▶ **Task goal**:
The answer must reproduce the listing exactly, with every picture left out.

-=-=-=-=-

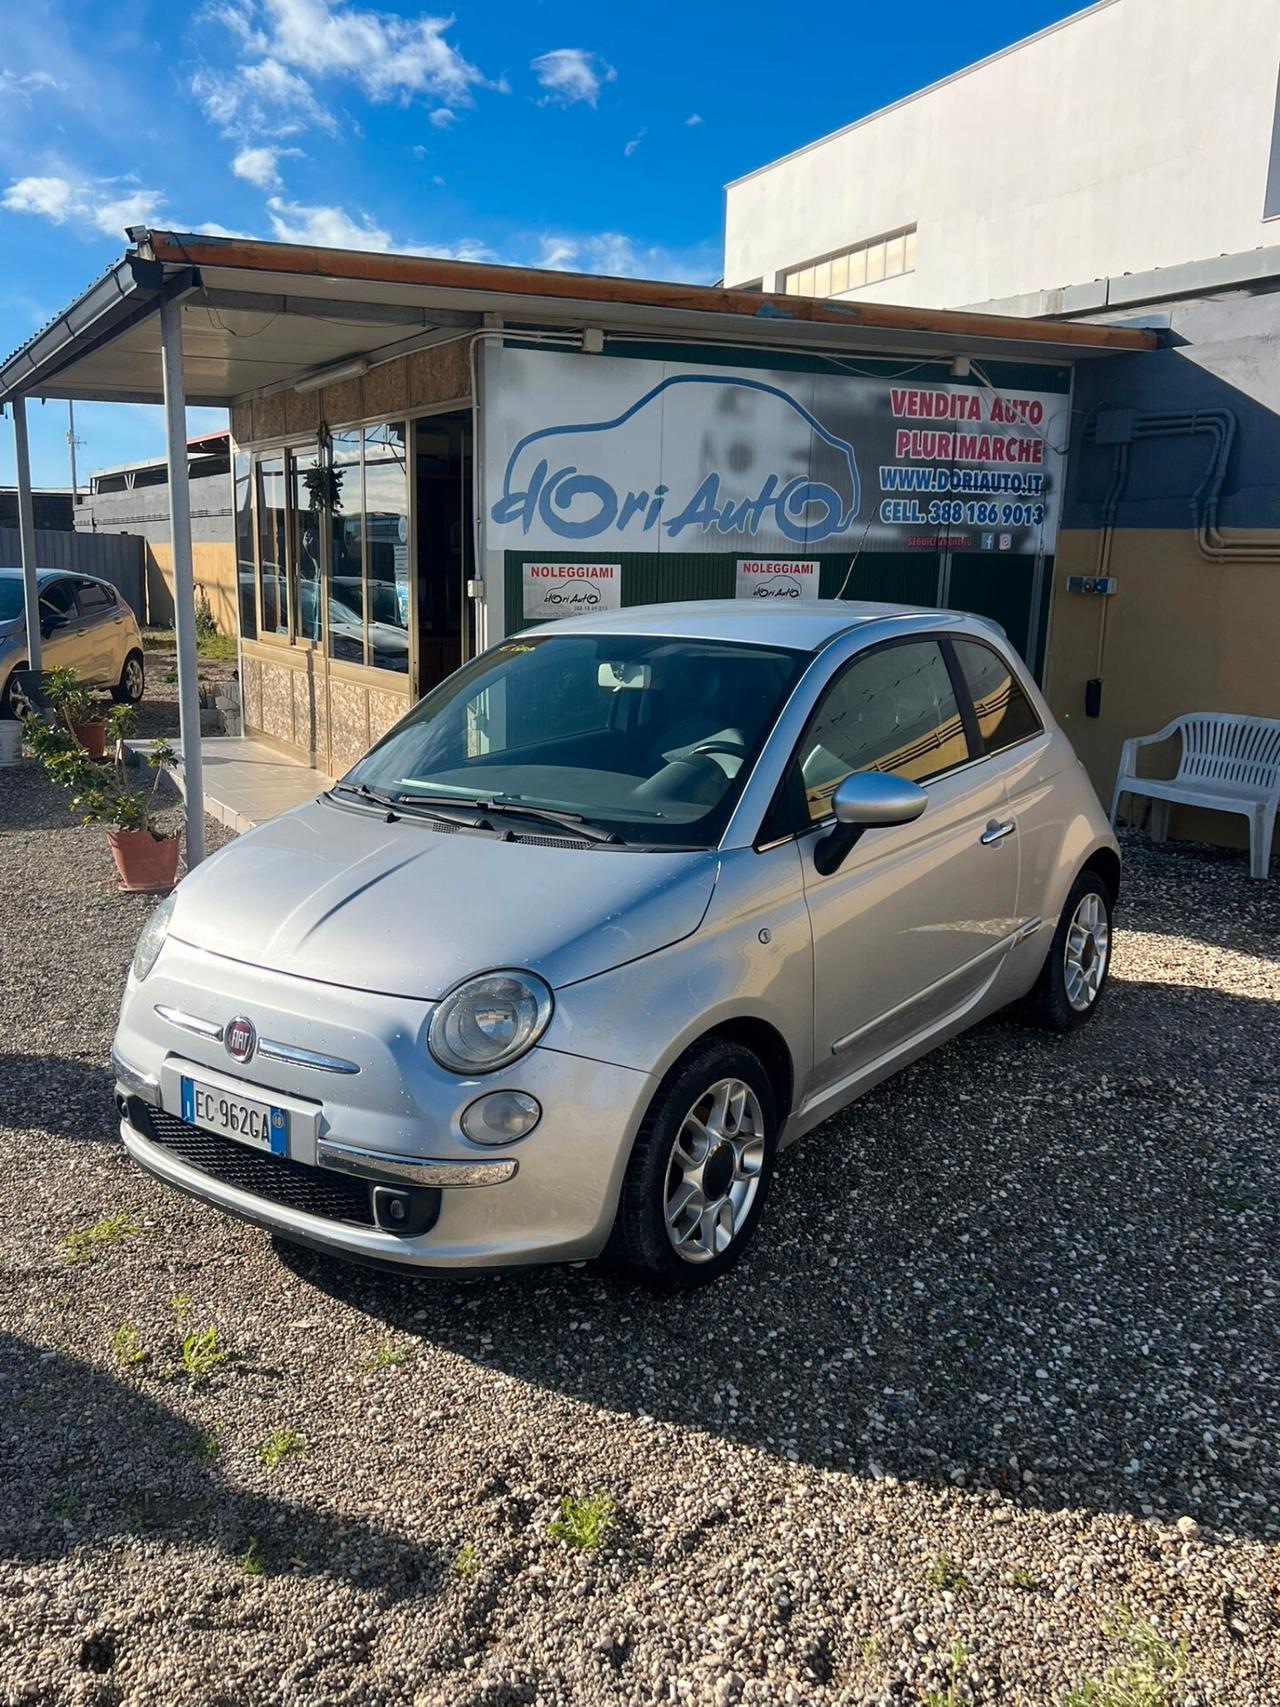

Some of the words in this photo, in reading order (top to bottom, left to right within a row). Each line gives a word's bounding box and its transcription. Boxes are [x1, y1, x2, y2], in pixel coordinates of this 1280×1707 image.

[891, 389, 981, 421] VENDITA
[990, 398, 1043, 425] AUTO
[897, 430, 1043, 463] PLURIMARCHE
[880, 466, 1043, 495] WWW.DORIAUTO.IT
[880, 501, 926, 523] CELL.
[930, 502, 962, 524] 388
[967, 504, 998, 524] 186
[1002, 504, 1045, 526] 9013
[531, 567, 614, 578] NOLEGGIAMI
[743, 563, 813, 574] NOLEGGIAMI
[231, 1029, 250, 1050] FIAT
[195, 1090, 214, 1122] EC
[219, 1099, 270, 1142] 962GA

-=-=-=-=-

▶ **Solution to the problem**:
Some of the words in this photo, in reading order (top to bottom, left to right within a row). Each line gives a word's bounding box and its transcription. Boxes are [x1, y1, x2, y2], in pixel coordinates of this 1280×1707 image.

[891, 389, 981, 421] VENDITA
[990, 398, 1043, 425] AUTO
[897, 430, 1043, 463] PLURIMARCHE
[880, 466, 1043, 495] WWW.DORIAUTO.IT
[880, 501, 926, 523] CELL.
[930, 502, 962, 524] 388
[967, 504, 998, 524] 186
[1002, 504, 1045, 526] 9013
[531, 567, 614, 578] NOLEGGIAMI
[743, 563, 813, 574] NOLEGGIAMI
[231, 1029, 250, 1050] FIAT
[195, 1090, 214, 1122] EC
[219, 1099, 270, 1142] 962GA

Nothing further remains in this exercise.